Regia di Dagur Kári vedi scheda film
La responsabilità di essere adulti anagraficamente, ma non mentalmente o caratterialmente, è la più evidente incongruità del taciturno, riservato, timido Fusi, figlio tardivo quarantenne di genitori anziani che lo hanno viziato a tal punto da estraniarlo da quelle che sono le naturali, inevitabili responsabilità che poco per volta ci incombono per il solo fatto di crescere e di assestarci nell'ambito della oscietà che ci circonda.
Operaio presso lo scalo dell'aeroporto islandese, il ragazzone tutto lavoro e casa, trascorre le giornate a giocare con trenini elettrici e videogiochi, incurante di ogni altro interesse che lo esponga a dialogare, soprattutto nei confronti del sesso femminile, il suo vero e proprio tabù assoluti.
Quando il patrigno lo iscrive a forza ad un corso di ballo country, Fusi è costretto a partecipare, nonostante il tentativo di boicottare in segreto le sessioni gli sia concretamente passato per la mente. L'incontro con una donna carina ma problematica, assieme a quello di una ragazzina vicina di casa che invade la intimità ricercata del corpulento bambinone, trasformeranno la vita dell'uomo, inducendolo, anzi costringendolo a maturare.... a suo modo.

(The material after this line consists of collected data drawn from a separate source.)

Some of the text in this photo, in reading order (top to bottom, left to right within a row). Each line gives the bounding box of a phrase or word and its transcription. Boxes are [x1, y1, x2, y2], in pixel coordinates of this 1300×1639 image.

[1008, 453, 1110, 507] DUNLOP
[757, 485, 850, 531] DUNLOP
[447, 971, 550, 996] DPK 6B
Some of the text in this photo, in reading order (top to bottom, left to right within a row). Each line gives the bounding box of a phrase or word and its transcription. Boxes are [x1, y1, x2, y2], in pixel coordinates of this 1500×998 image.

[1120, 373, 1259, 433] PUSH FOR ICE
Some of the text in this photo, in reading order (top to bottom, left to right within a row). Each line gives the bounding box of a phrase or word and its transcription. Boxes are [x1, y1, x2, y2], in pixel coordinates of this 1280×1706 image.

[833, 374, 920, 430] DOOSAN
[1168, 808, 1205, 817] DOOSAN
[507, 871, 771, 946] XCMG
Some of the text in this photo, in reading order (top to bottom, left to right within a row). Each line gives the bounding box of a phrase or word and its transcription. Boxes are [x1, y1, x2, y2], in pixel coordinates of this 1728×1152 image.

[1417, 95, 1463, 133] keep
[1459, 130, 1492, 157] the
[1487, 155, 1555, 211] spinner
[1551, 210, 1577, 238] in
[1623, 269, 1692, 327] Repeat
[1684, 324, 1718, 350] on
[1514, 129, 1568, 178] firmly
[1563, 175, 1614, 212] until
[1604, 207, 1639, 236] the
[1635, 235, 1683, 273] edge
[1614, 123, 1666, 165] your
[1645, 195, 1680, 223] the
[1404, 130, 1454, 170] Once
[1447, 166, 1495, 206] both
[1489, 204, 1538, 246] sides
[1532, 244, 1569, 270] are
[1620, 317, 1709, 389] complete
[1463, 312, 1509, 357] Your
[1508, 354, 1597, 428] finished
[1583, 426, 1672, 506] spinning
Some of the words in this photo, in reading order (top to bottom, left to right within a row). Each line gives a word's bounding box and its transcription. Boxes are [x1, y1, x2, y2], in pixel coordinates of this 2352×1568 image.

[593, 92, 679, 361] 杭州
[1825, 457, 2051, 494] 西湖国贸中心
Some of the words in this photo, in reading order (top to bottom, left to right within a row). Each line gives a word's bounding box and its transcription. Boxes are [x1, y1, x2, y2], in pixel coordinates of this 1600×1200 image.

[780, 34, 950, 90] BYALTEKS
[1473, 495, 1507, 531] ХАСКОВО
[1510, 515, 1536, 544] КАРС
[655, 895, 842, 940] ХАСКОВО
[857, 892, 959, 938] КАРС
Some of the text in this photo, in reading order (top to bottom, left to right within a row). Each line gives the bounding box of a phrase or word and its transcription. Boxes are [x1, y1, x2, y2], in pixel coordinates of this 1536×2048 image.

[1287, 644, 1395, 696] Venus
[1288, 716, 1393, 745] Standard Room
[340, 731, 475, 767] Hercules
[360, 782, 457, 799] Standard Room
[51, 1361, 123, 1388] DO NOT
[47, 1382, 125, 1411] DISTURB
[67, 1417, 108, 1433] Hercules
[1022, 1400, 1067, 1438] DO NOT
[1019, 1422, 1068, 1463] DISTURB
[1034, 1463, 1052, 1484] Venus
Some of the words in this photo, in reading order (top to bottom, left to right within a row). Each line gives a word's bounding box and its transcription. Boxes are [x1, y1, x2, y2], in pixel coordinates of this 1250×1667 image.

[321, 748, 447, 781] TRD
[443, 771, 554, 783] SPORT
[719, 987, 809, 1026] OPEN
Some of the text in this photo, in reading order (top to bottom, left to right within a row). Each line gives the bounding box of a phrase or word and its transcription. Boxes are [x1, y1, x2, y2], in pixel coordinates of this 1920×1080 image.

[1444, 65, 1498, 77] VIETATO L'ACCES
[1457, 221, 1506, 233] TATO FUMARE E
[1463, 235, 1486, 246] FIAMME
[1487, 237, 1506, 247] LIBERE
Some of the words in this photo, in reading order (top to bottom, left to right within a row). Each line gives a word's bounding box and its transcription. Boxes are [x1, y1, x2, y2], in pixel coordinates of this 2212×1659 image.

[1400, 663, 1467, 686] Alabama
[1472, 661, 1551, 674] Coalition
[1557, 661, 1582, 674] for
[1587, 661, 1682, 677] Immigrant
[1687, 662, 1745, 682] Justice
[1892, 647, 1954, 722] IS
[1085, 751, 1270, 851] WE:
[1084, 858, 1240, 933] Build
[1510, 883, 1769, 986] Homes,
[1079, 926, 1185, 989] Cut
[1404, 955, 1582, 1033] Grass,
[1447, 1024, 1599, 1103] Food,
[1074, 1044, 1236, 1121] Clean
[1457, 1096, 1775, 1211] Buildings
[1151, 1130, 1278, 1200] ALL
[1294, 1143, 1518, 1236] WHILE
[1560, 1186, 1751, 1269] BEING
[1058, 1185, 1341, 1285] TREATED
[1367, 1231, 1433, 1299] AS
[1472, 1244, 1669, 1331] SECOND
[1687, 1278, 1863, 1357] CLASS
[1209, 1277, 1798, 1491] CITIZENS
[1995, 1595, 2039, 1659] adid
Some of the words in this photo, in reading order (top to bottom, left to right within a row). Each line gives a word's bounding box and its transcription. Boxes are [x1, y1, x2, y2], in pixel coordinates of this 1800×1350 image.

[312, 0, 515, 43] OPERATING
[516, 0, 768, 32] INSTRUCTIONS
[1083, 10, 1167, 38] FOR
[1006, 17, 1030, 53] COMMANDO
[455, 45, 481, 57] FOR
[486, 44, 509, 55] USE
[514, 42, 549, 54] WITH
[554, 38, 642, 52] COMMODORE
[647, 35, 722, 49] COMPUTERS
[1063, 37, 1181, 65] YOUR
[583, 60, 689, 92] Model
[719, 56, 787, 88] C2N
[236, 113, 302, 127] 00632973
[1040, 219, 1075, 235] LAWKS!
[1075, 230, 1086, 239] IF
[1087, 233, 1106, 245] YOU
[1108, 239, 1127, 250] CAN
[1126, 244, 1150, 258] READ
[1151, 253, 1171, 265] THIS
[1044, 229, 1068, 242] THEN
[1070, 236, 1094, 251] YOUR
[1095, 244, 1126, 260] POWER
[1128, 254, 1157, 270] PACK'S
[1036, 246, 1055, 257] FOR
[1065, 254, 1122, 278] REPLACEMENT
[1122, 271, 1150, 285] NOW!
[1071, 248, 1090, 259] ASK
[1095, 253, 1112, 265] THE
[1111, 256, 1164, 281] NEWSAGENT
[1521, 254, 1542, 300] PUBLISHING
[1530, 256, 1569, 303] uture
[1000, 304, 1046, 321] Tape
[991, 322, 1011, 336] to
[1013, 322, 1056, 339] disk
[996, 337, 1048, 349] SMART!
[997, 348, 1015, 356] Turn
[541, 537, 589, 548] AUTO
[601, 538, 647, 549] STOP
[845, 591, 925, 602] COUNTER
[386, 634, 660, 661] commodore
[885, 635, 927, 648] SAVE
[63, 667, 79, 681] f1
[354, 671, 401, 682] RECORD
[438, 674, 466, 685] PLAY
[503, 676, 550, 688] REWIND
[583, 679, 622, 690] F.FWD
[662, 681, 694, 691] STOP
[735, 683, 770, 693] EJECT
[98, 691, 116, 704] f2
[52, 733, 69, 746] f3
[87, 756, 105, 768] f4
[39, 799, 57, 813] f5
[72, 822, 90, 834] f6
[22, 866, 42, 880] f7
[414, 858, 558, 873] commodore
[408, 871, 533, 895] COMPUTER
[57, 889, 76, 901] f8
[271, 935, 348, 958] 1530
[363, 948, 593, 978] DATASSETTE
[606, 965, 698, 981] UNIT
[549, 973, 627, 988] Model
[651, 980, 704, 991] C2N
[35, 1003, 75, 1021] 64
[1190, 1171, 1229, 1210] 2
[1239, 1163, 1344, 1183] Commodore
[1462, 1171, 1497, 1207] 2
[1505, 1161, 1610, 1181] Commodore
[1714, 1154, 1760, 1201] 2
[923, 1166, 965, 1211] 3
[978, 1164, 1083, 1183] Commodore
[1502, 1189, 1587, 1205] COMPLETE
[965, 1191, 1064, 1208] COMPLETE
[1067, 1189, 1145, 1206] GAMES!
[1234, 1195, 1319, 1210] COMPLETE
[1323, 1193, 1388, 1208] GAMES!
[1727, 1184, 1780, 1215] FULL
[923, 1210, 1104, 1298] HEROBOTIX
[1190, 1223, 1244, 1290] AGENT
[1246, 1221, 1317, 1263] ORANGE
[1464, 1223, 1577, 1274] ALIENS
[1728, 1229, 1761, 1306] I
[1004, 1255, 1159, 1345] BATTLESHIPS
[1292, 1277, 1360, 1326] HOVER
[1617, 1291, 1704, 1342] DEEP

Dal regista dell'intenso e appassionante Nòi Albinòi, Dagur Kàri, Virgin Mountain non sfugge mai alla tentazione di intrappolare lo spettatore lungo una vicenda che contemporaneamente lo rapisca e diverta con un intrattenimento intelligente e pieno di spunti di riflessione, sia a livello di studio introspettivo di singole sfaccettature e problematiche private, sia a livello di dinamiche sociali a largo spettro, che costituiscono l'antitesi delle prime ed il motivo delel frustrazioni che coinvolgono il protagonista e la sua nuova inedita, imprevista passione sentimentale.
Ma il film riesce anche, cosa per nulla scontata, a non accontentarsi di un consolatorio lieto fine, rassicurante quanto improbabile: la vita è carogna, e sterile di buone sorprese durature. E Fusi, una volta varcata la soglia della conquista sociale, finirà per provare cocenti amarezze che in qualche modo danno ragione al suo originale ed istintivo annullarsi tra le mura della propria intimità familiare. Questa è la vera forza e sorpresa del film: ammettere ed ufficializzare che le amarezze e le delusioni sono sempre in agguato; in grado forse di rafforzarci e di farci adattare spronandoci a venire allo scoperto, ma lasciandoci quasi sempre disillusi e feriti, anche se in qualche modo più padroni del nostro avvenire, e più cittadini del mondo esteriore fino a poco prima rifuggito o ignorato.
Ottimi e necessari i due protagonisti, Gunnar Jonsson e la imperscrutabile Ilmur Kristjandottir, perfetti a rendere le sfaccettature di personalità rispettivamente sole per volontà o forza maggiore, impegnate ognuno a suo modo a guarire da una malattia solo apparentemente fittizia e psicologica che li rende dei diversi davanti alla società classista e crudele, degli emarginati, degli ipotetici "mostri" da tenere alla lontana da bambini o altri esseri indifesi ed innocenti.